Children laugh about 300 times a day, while adults laugh only about five times each day. You need to go back to your childlike ways. The more you laugh, the better your perspective becomes. Problems also appear to shrink, increasing your sense of energy. Laughter has been considered one of life’s greatest medicines over the centuries. As mentioned in the bible: “A merry heart doeth good like a medicine” (Proverbs 17:22).

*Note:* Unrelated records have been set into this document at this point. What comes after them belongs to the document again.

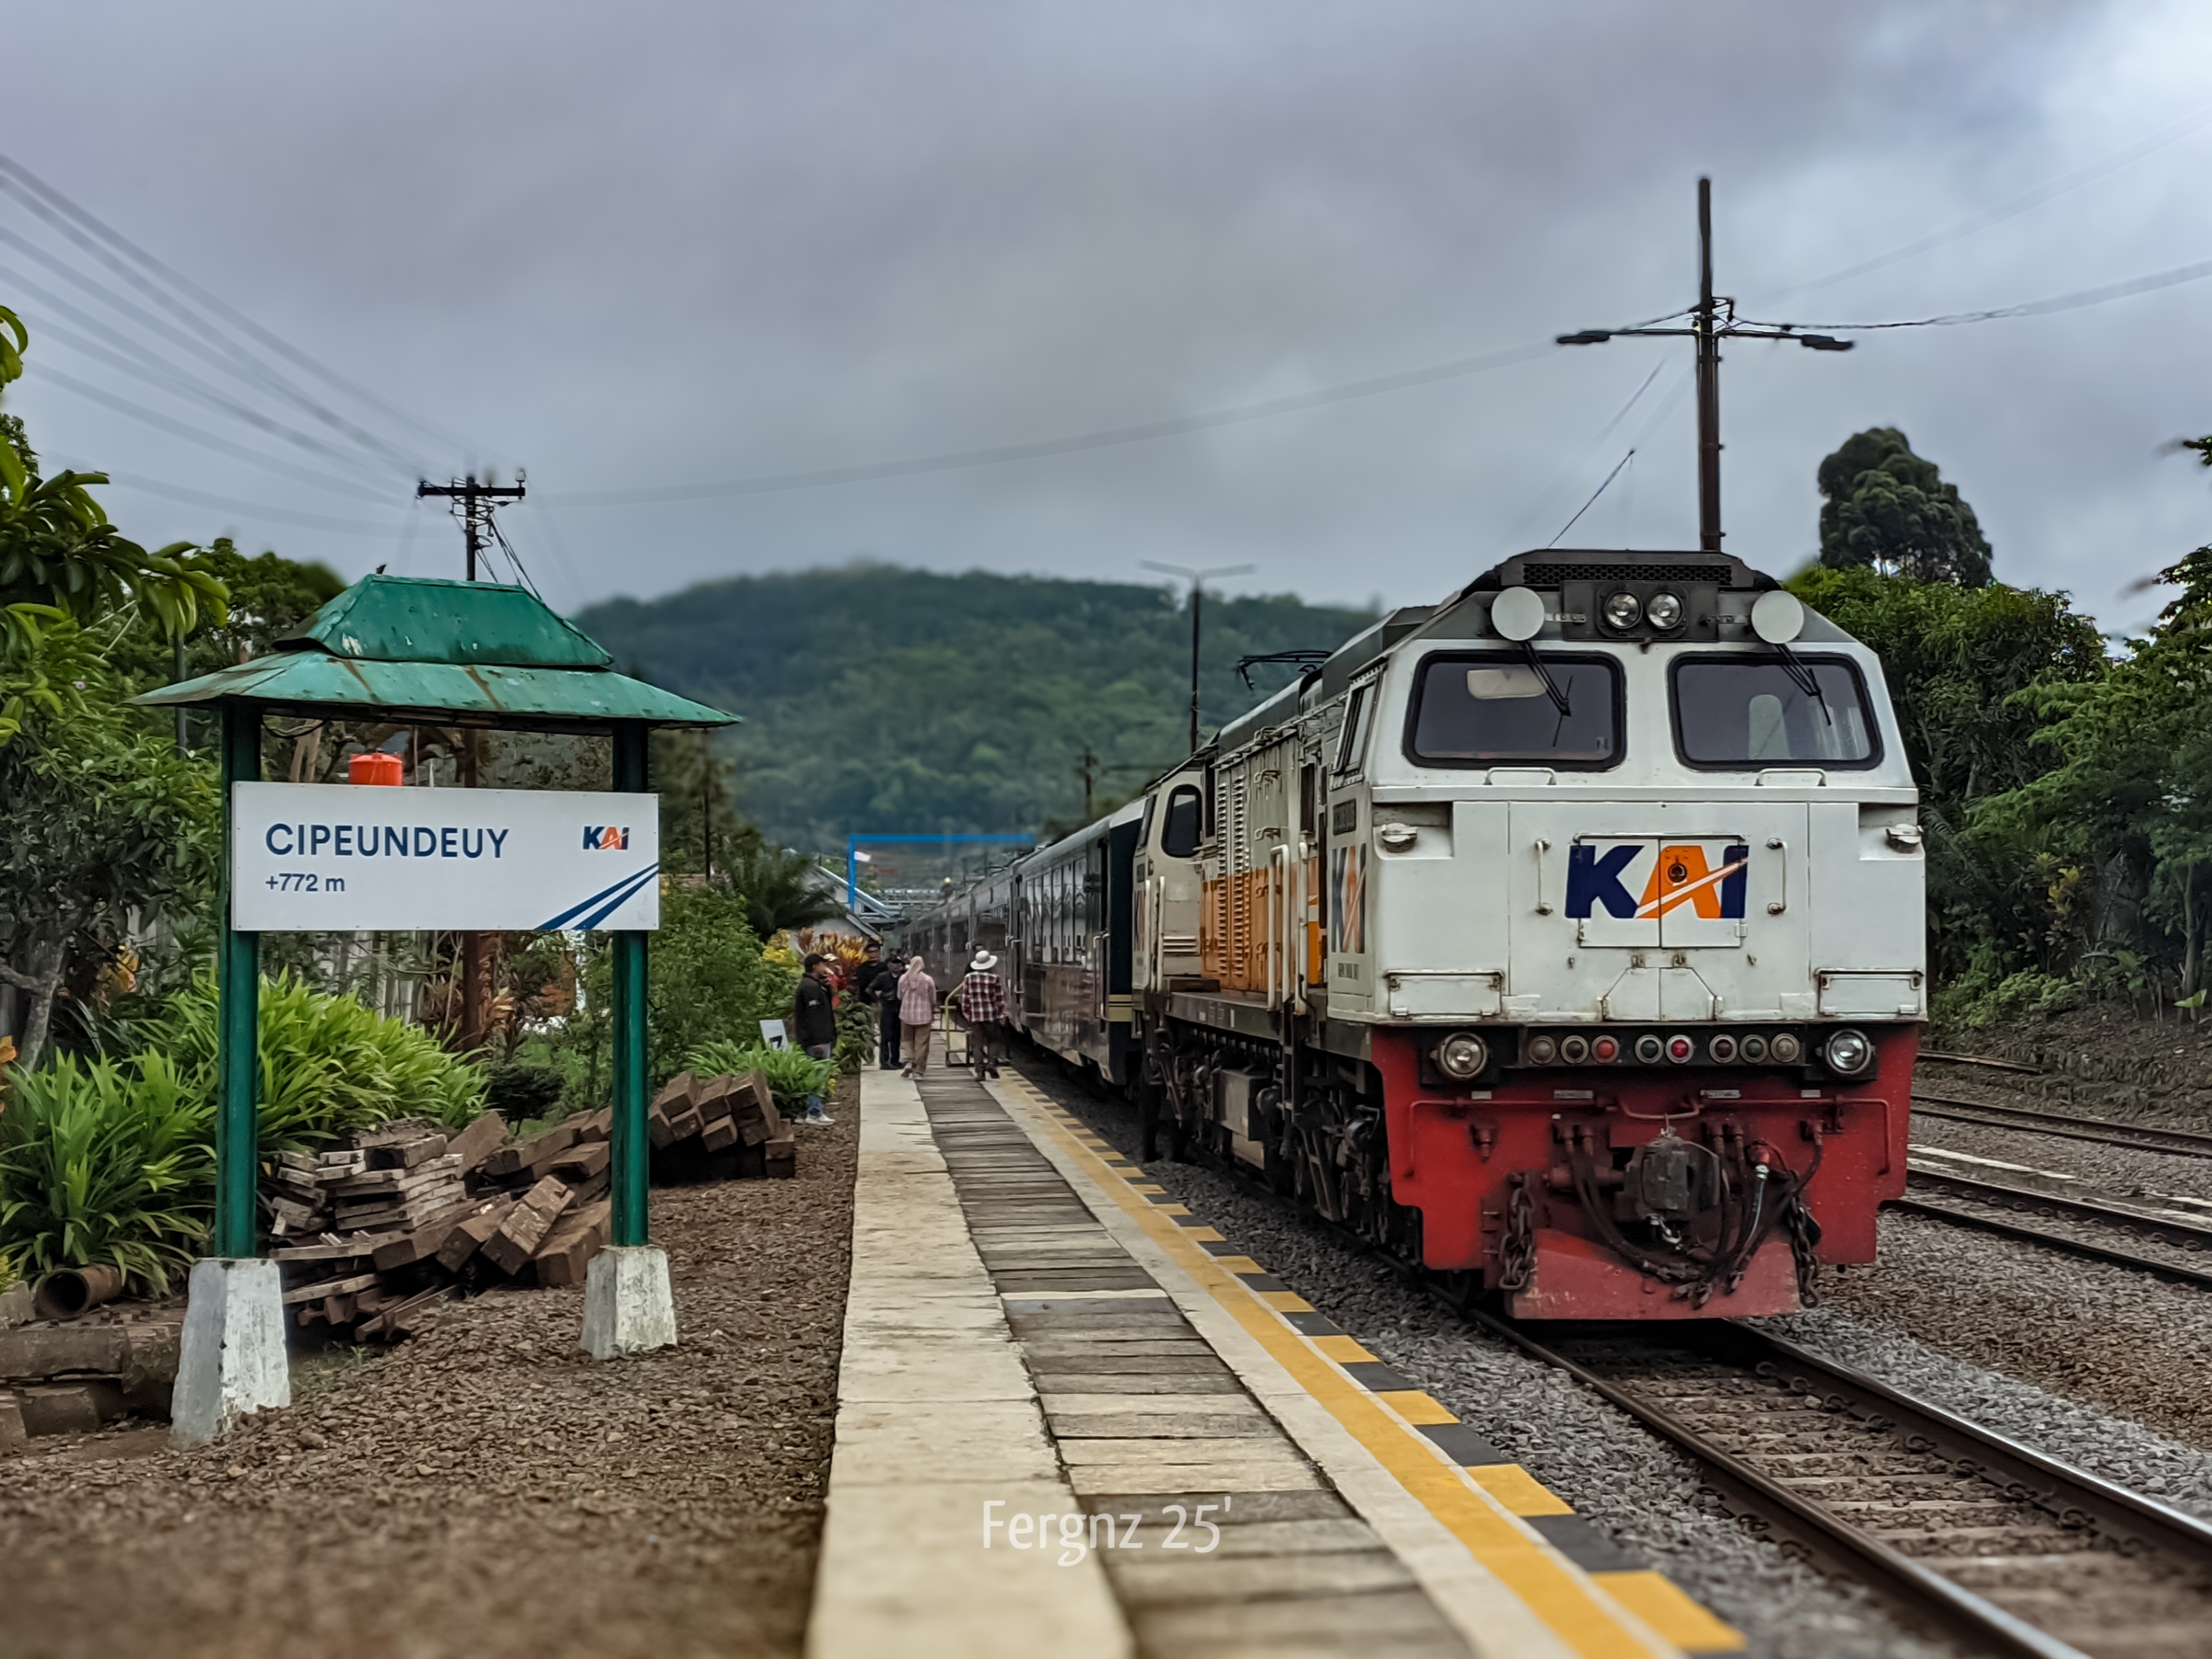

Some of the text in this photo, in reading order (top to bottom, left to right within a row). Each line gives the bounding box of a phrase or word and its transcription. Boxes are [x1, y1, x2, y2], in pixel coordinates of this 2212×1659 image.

[265, 823, 510, 859] CIPEUNDEUY
[582, 825, 630, 851] KAI
[265, 873, 346, 892] +772 m
[1331, 844, 1367, 954] KAI
[1565, 845, 1749, 919] KAI

Laughter is sometimes referred to as “inner jogging.” Studies have shown that laughing can help produce a general sense of well-being, trigger the release of endorphins, raise the levels of infection-fighting skills and boost immune function, reduce stress hormones, and lower blood pressure.
Find time to play
You may be one of the many adults who have pushed aside things you consider childish, including playing. But what you consider a waste of time can actually reduce stress, make you feel younger, strengthen relationships, boost creativity, and exercise your brain. It is time to cut down your screen time with electronic devices and engage in endorphin-boosting play time instead. Here are some ideas to get the ball rolling:
Spend time with a pet or a child. They are experts in play time and could easily lead the way.
Check what you have stashed away. It’s time to take out those board games, arts and crafts supplies, and deck of cards.

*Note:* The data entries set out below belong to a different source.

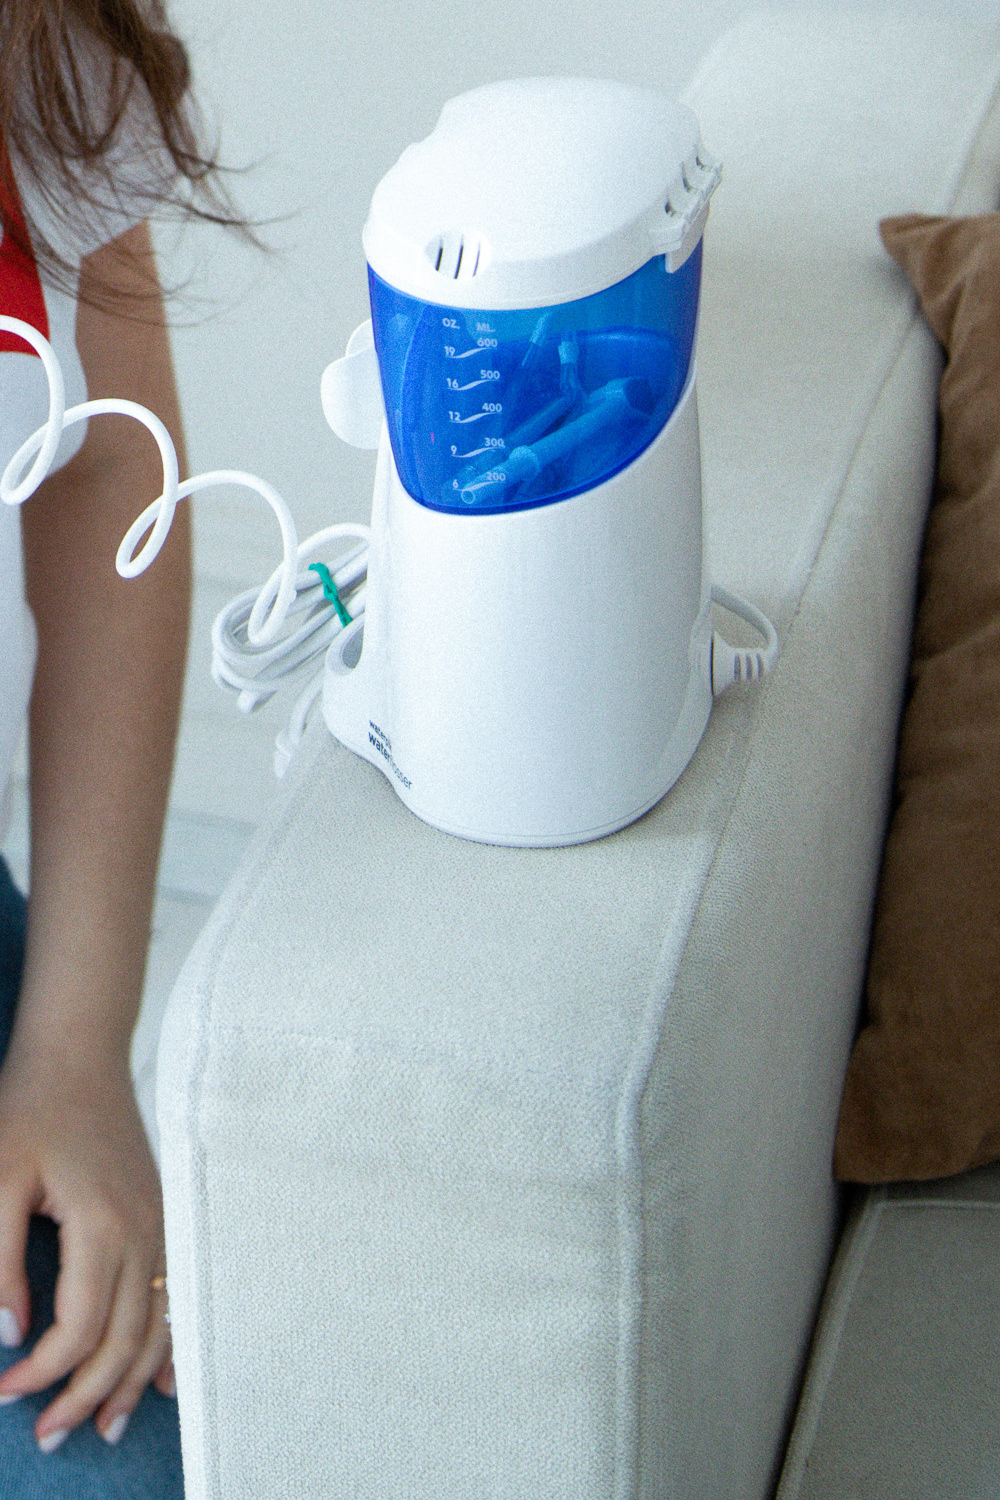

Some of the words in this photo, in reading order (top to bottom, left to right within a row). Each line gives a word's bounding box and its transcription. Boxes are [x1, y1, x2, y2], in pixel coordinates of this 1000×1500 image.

[442, 317, 460, 329] OZ.
[444, 346, 456, 357] 19
[477, 337, 498, 348] 600
[447, 377, 459, 389] 16
[480, 369, 500, 380] 500
[449, 411, 461, 422] 12
[482, 402, 502, 413] 400
[451, 445, 458, 456] 9
[484, 437, 504, 448] 300
[452, 479, 459, 489] 6
[486, 471, 506, 482] 200
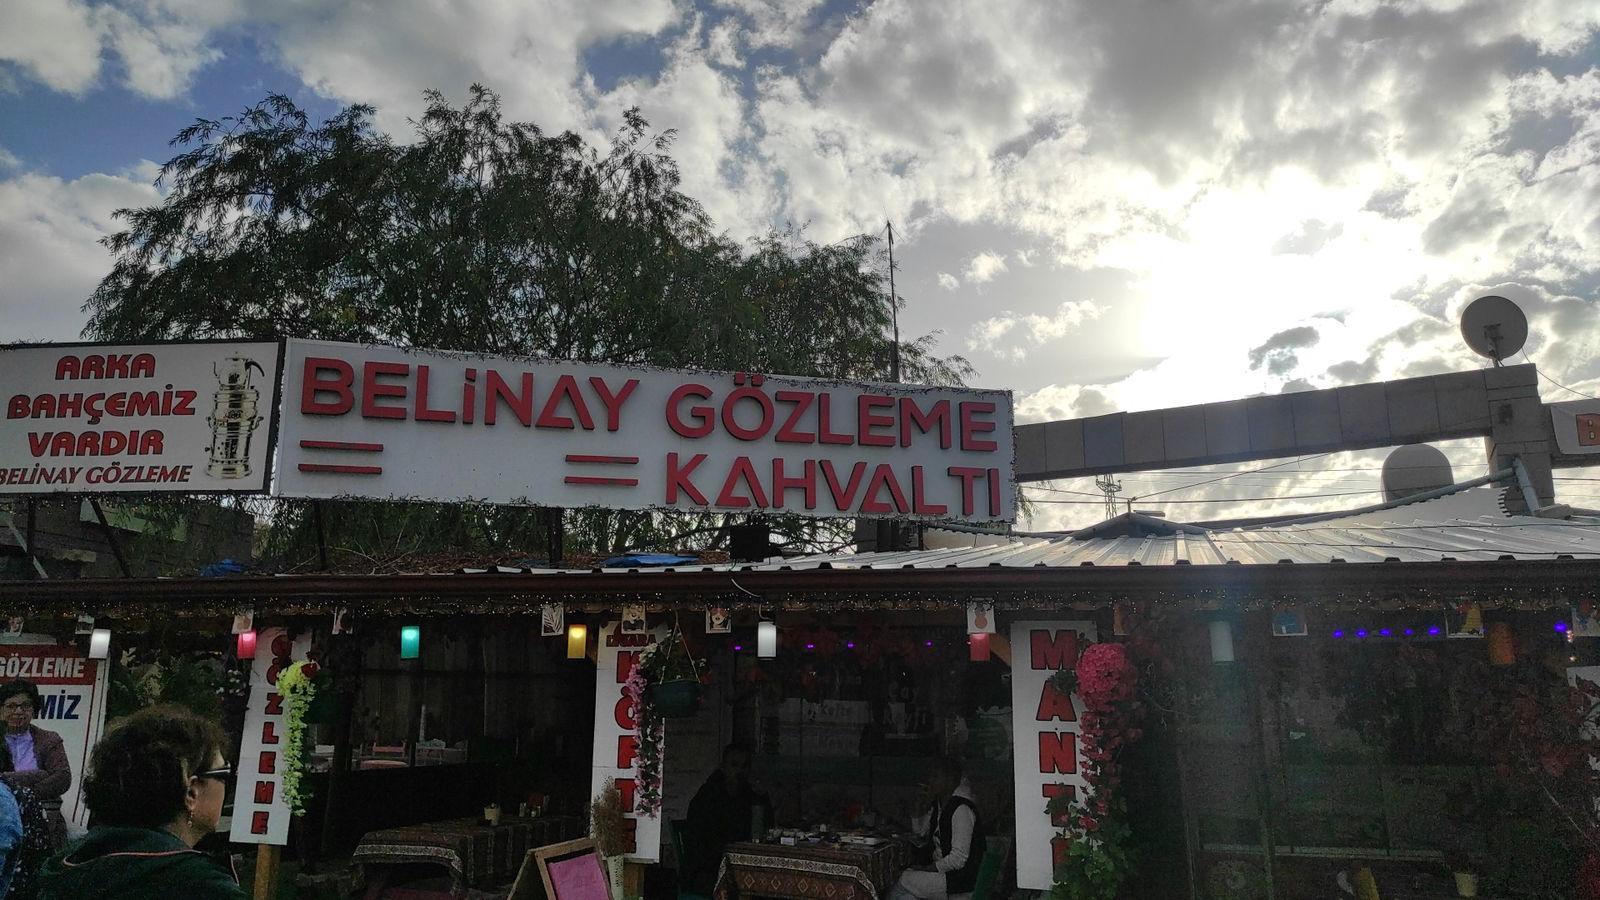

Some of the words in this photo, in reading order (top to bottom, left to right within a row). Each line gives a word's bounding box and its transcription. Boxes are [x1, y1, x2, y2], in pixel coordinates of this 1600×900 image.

[55, 353, 156, 380] ARKA
[7, 383, 198, 425] BAHÇEMİZ
[665, 373, 997, 451] GÖZLEME
[28, 430, 164, 457] VARDIR
[86, 461, 193, 484] GÖZLEME
[665, 452, 1001, 516] KAHVALTI

Go out of your unit and put your condo amenities to good use. It is time to visit the building’s gym, park, garden, and walking pathways. You will never run out of fun things to do while outdoors.
Savor some chocolate
Great news for chocolate lovers! Dark chocolate provides protection against strokes and heart attacks. Owing to its high content of antioxidants like polyphenols, dark chocolate protects your arteries, boosts good HDL cholesterol, reduces bad LDL cholesterol, lowers blood pressure, and reduces inflammation. It also has chemicals that can induce the release of endorphins, and general well-being can be of vital importance to the health of your cardiovascular system.

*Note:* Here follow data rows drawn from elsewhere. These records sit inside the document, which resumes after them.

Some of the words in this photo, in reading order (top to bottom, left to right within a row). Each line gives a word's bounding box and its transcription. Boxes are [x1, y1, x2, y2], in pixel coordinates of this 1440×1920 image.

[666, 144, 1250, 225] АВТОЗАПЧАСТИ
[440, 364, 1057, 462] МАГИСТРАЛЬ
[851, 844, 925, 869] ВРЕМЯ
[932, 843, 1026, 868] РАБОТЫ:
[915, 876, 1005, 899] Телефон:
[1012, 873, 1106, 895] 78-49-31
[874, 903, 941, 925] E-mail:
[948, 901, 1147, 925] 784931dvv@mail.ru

A little dark chocolate can also curb your appetite for unhealthier foods, according to research conducted at the University of Copenhagen. This reveals that dark chocolate has more filling effect than milk chocolate and that it lowers cravings for sugary, fatty and salty items. The key pointer is to know when to stop eating chocolate and not indulge. If you are a chocoholic, try having a brisk 15-minute walk. Researchers at the University of Exeter found that such a walk can allay chocoholics’ cravings even in tempting situations.
Eat spicy food
The spicy taste of food is not actually a taste sensation but a feeling of pain. Capsaicin, which is the chemical compound that makes chili peppers spicy, binds to pain receptors of nerve cells in the mucous membranes of the mouth and nose. This creates the painful burning feeling. These receptors also react to heat, making spicy food that is also hot even more intense.
The pain you experience when eating spicy food is offset by the body’s reaction of releasing endorphins. This could explain the popularity of spicy food. Another benefit of hot spices is their ability to promote sweating and kill pathogens. Sweating is especially useful for cooling the body in hot climates.
You have just learned about the ways you can further spice up your condo living in the Philippines. And it can be as simple as just relaxing at home!